Activity in services and manufacturing plunged at its steepest rate and to the lowest levels on record in a closely watched business survey published on Thursday.
The latest figures show Britain’s dominant services sector, from banking to retail and hospitality to the creative industries, has been hit hardest with many firms forced to shut down. 81% of services firms said business had declined. Manufacturing has also seen activity plummet.
Data provider IHS Markit and the Chartered Institute of Procurement & Supply (CIPS) released the latest flash figures from their monthly UK purchasing managers’ index (PMI) survey.
The headline index figure for manufacturing and services combined sank to 12.9 in April, down from an already record-breaking low of 36 in April. The previous historic low since the survey began in the 1990s was 38.1, recorded at the height of the global financial crisis in 2008.
The index figures show the net balance of firms reporting growth or decline in work. It is measured on a scale of 0 to 100, with anything above 50 suggesting most firms are growing and below 50 suggesting their output is falling.
Analysts had expected the data to show record declines, but the numbers came in well below most expectations. The survey also showed a record drop in prices charged by firms, with collapsing demand forcing them to discount goods and services.
“The figures for April could not be more worrying but as we may not have reached pandemic peak yet, there’s much more bad news to come,” said Duncan Brock, group director at the CIPS.

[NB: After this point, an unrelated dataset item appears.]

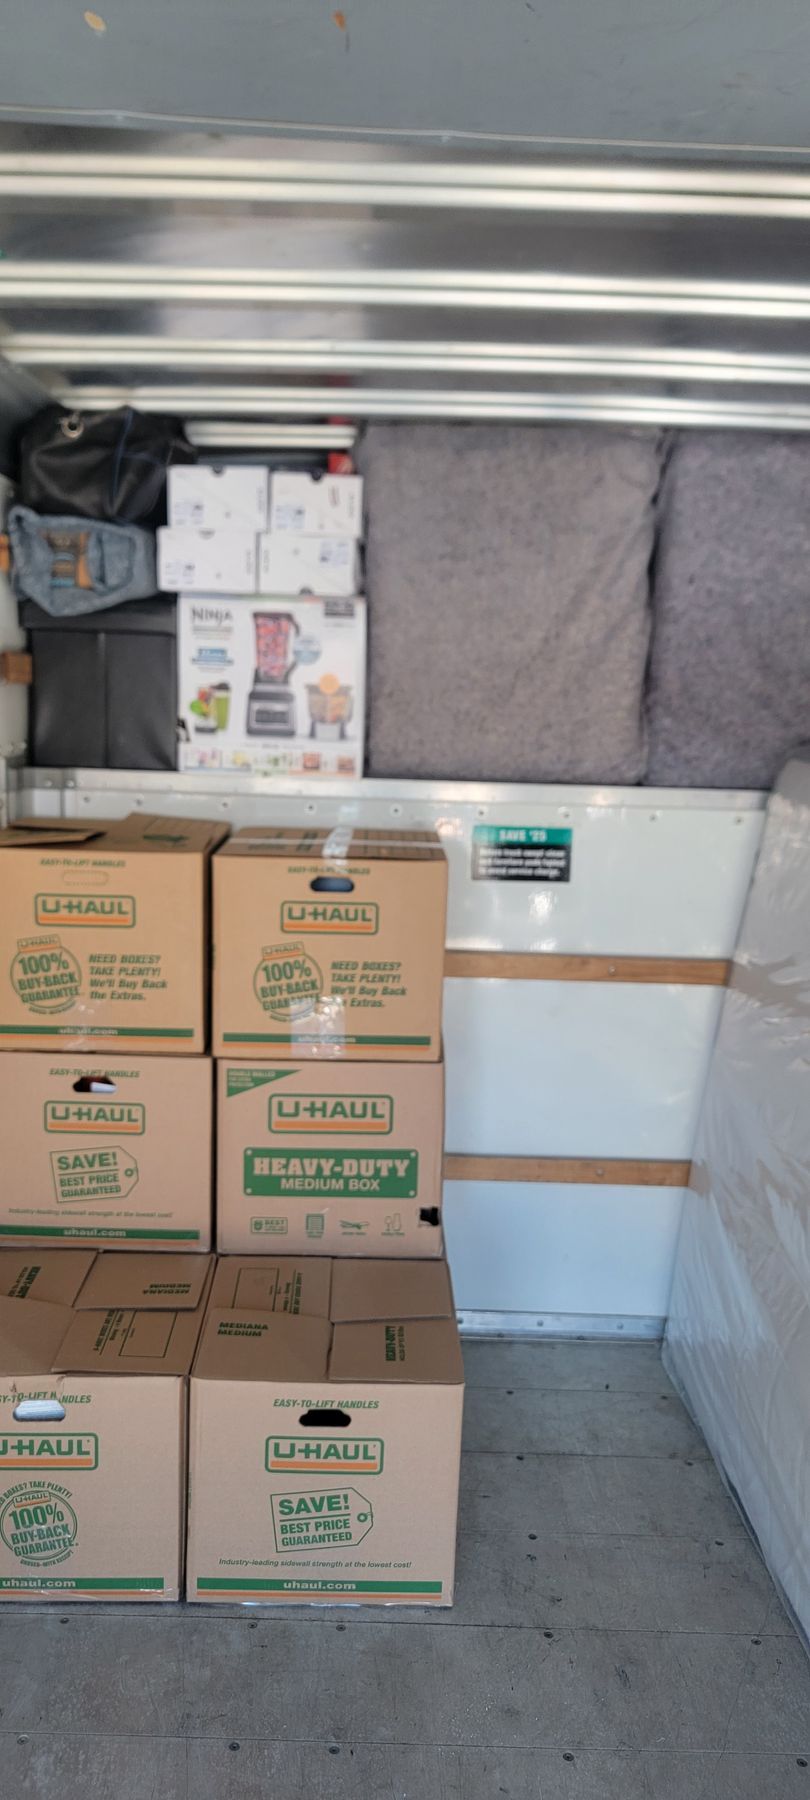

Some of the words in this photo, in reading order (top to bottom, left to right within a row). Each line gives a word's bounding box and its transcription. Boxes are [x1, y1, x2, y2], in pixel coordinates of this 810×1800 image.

Chris Williamson, chief business economist at IHS Markit, said firms were reporting job losses “on an unprecedented scale,” even excluding furloughed workers on government-funded leave.
Lay-offs have mounted and separate surveys show hiring has fallen off at its fastest pace since the global financial crisis in 2009.
More than 1.5 million people have applied for universal credit, Britain’s main out-of-work benefit. At least 2.2 million others have been put on government-funded temporary leave through HMRC’s furlough scheme for workers at risk of redundancy.
Williamson added: “The dire survey readings will inevitably raise questions about the cost of the lockdown, and how long current containment measures will last.”